The end result is that the Muslim Brotherhood is hardly going peacefully into the night, leaving foreign tourists at risk, which is why so many foreign embassies have urged their citizens that tourism in the Land of the Pharaohs brings with it considerable risks.

It is very likely that tourism in Egypt will not change until one central government has definitive control of political events in Egypt.

Tourism minister Hisham Zaazou oversaw initiatives to encourage domestic tourism through affordable travel packages. Zaazou also hosted a delegation of British experts in Sharm El-Sheikh to assess the safety of the Sinai's resorts. The jury remains out as to the results of the British threat assessment.

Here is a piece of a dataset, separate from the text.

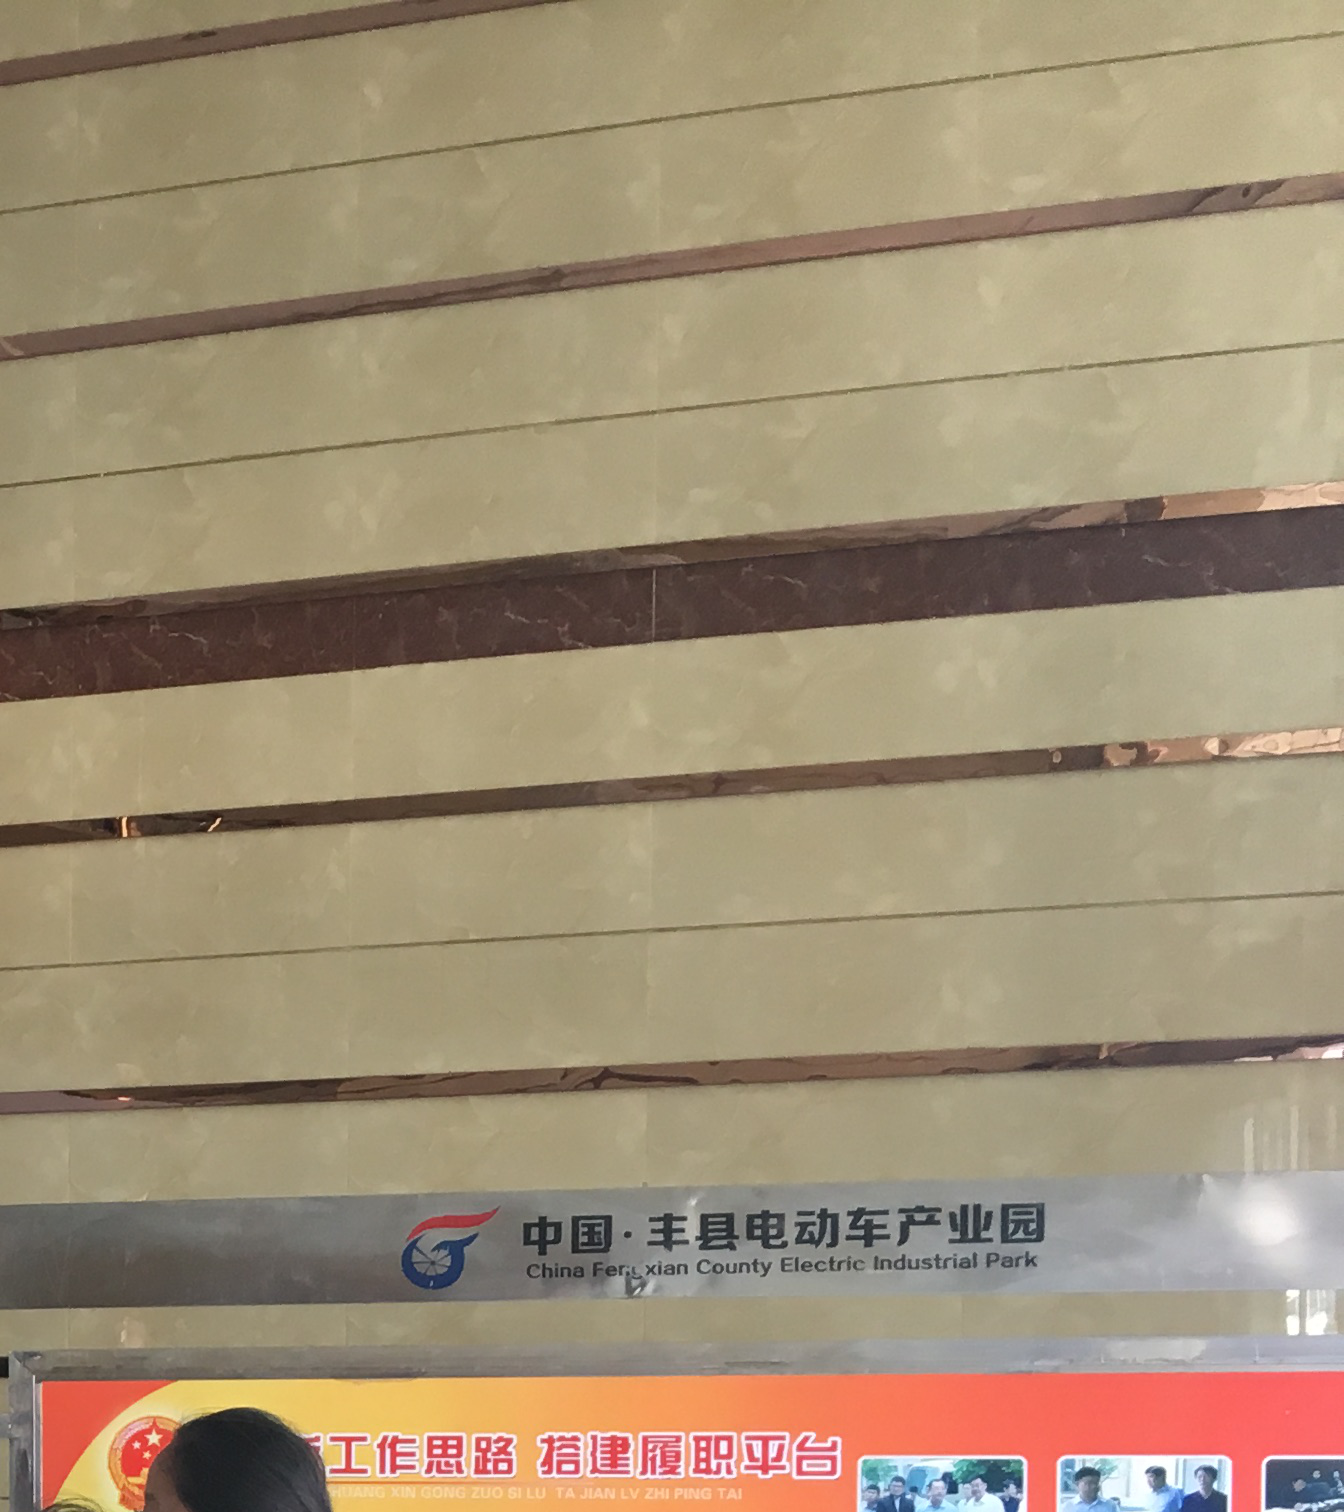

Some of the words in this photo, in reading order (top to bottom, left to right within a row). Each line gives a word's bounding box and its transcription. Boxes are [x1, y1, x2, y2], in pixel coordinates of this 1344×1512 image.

In the interim, and seemingly grasping at straws to restore tourists to Egypt, the country has begun offering the Indian government incentives, yet does the leadership of the government not realize that ALL foreign tourists are at risk?

If you take the tourism minister's logic to its ultimate conclusion, Egypt is essentially saying: "We don't care about the travel risk; its the travelers we want!"

Seemingly, does that mean that the Egyptians want tourists that return time and time again or only those that die on Egyptian soil? 

What Egypt must do as a government, shaky as it is, is create a stable political environment so that foreign tourists can feel safe from acts of terrorism.

Admittedly, India potentially offers Egypt millions of tourists annually. Yet, at what cost? How many Indians have to be maimed or killed for India to realize that discounts are not helpful if Indian tourists fly back to Delhi in the cargo hold.
The Second “India on the Banks of the Nile” Festival begins on April 1, 2014 and will continue for three weeks. Yet, the Egyptians will soon realize that India values family and security just as much as the Europeans.

If Indian tourists are terrorized, maimed or killed while in Egypt, they, too, will leave as quickly as they arrived.

Egypt hopes to attract one million tourists by September 2017. They could be very, very wrong unless they stabilize an unpredictable, perilous Egypt and suppress acts of terrorism FIRST.